══ Given data ══

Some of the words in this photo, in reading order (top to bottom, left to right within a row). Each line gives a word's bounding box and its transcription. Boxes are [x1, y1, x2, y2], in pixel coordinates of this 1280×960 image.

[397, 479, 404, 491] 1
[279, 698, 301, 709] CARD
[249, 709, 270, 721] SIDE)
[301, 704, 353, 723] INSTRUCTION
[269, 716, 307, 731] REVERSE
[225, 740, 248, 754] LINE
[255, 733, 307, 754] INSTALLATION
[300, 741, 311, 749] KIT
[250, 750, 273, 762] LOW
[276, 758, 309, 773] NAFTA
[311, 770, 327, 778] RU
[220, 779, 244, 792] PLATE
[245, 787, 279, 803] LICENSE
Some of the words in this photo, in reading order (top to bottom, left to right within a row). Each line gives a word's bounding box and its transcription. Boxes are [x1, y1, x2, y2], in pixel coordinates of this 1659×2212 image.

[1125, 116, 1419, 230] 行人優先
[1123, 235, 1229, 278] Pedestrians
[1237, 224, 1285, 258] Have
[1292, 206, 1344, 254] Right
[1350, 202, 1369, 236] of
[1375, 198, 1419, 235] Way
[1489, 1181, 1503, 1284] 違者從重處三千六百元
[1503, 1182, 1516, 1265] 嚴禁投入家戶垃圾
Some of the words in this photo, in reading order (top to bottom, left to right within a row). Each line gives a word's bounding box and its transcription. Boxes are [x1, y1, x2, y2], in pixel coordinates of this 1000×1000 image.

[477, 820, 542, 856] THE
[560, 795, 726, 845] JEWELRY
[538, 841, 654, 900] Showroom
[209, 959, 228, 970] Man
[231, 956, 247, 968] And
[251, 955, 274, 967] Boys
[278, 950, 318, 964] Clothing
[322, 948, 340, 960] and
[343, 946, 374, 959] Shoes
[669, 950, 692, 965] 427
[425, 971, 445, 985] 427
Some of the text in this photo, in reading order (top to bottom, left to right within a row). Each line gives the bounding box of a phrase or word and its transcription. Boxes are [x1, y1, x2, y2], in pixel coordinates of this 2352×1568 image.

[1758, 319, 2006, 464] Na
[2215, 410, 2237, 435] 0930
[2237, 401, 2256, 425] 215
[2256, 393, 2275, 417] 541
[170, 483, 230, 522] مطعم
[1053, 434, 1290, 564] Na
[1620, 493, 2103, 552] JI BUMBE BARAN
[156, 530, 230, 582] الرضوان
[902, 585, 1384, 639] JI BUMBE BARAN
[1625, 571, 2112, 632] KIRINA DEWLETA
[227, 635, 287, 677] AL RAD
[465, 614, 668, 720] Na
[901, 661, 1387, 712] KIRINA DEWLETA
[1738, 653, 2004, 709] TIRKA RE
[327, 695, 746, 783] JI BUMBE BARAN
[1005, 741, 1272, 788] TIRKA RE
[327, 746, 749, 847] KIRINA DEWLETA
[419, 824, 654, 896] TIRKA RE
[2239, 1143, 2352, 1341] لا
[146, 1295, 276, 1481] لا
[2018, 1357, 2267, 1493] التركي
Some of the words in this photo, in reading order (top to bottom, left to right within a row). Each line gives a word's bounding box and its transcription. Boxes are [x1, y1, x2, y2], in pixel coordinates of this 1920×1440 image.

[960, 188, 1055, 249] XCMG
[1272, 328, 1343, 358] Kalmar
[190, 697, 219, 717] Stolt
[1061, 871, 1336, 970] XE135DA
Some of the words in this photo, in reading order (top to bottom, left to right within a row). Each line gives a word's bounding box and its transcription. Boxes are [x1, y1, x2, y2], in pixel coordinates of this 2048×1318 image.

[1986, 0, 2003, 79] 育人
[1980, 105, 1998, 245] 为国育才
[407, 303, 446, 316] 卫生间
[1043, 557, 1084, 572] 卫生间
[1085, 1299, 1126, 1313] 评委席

═══

§ What to do
Return the material exactly. Leave out no line.

§ Your solution
Some of the words in this photo, in reading order (top to bottom, left to right within a row). Each line gives a word's bounding box and its transcription. Boxes are [x1, y1, x2, y2], in pixel coordinates of this 1280×960 image.

[397, 479, 404, 491] 1
[279, 698, 301, 709] CARD
[249, 709, 270, 721] SIDE)
[301, 704, 353, 723] INSTRUCTION
[269, 716, 307, 731] REVERSE
[225, 740, 248, 754] LINE
[255, 733, 307, 754] INSTALLATION
[300, 741, 311, 749] KIT
[250, 750, 273, 762] LOW
[276, 758, 309, 773] NAFTA
[311, 770, 327, 778] RU
[220, 779, 244, 792] PLATE
[245, 787, 279, 803] LICENSE
Some of the words in this photo, in reading order (top to bottom, left to right within a row). Each line gives a word's bounding box and its transcription. Boxes are [x1, y1, x2, y2], in pixel coordinates of this 1659×2212 image.

[1125, 116, 1419, 230] 行人優先
[1123, 235, 1229, 278] Pedestrians
[1237, 224, 1285, 258] Have
[1292, 206, 1344, 254] Right
[1350, 202, 1369, 236] of
[1375, 198, 1419, 235] Way
[1489, 1181, 1503, 1284] 違者從重處三千六百元
[1503, 1182, 1516, 1265] 嚴禁投入家戶垃圾
Some of the words in this photo, in reading order (top to bottom, left to right within a row). Each line gives a word's bounding box and its transcription. Boxes are [x1, y1, x2, y2], in pixel coordinates of this 1000×1000 image.

[477, 820, 542, 856] THE
[560, 795, 726, 845] JEWELRY
[538, 841, 654, 900] Showroom
[209, 959, 228, 970] Man
[231, 956, 247, 968] And
[251, 955, 274, 967] Boys
[278, 950, 318, 964] Clothing
[322, 948, 340, 960] and
[343, 946, 374, 959] Shoes
[669, 950, 692, 965] 427
[425, 971, 445, 985] 427
Some of the text in this photo, in reading order (top to bottom, left to right within a row). Each line gives the bounding box of a phrase or word and its transcription. Boxes are [x1, y1, x2, y2], in pixel coordinates of this 2352×1568 image.

[1758, 319, 2006, 464] Na
[2215, 410, 2237, 435] 0930
[2237, 401, 2256, 425] 215
[2256, 393, 2275, 417] 541
[170, 483, 230, 522] مطعم
[1053, 434, 1290, 564] Na
[1620, 493, 2103, 552] JI BUMBE BARAN
[156, 530, 230, 582] الرضوان
[902, 585, 1384, 639] JI BUMBE BARAN
[1625, 571, 2112, 632] KIRINA DEWLETA
[227, 635, 287, 677] AL RAD
[465, 614, 668, 720] Na
[901, 661, 1387, 712] KIRINA DEWLETA
[1738, 653, 2004, 709] TIRKA RE
[327, 695, 746, 783] JI BUMBE BARAN
[1005, 741, 1272, 788] TIRKA RE
[327, 746, 749, 847] KIRINA DEWLETA
[419, 824, 654, 896] TIRKA RE
[2239, 1143, 2352, 1341] لا
[146, 1295, 276, 1481] لا
[2018, 1357, 2267, 1493] التركي
Some of the words in this photo, in reading order (top to bottom, left to right within a row). Each line gives a word's bounding box and its transcription. Boxes are [x1, y1, x2, y2], in pixel coordinates of this 1920×1440 image.

[960, 188, 1055, 249] XCMG
[1272, 328, 1343, 358] Kalmar
[190, 697, 219, 717] Stolt
[1061, 871, 1336, 970] XE135DA
Some of the words in this photo, in reading order (top to bottom, left to right within a row). Each line gives a word's bounding box and its transcription. Boxes are [x1, y1, x2, y2], in pixel coordinates of this 2048×1318 image.

[1986, 0, 2003, 79] 育人
[1980, 105, 1998, 245] 为国育才
[407, 303, 446, 316] 卫生间
[1043, 557, 1084, 572] 卫生间
[1085, 1299, 1126, 1313] 评委席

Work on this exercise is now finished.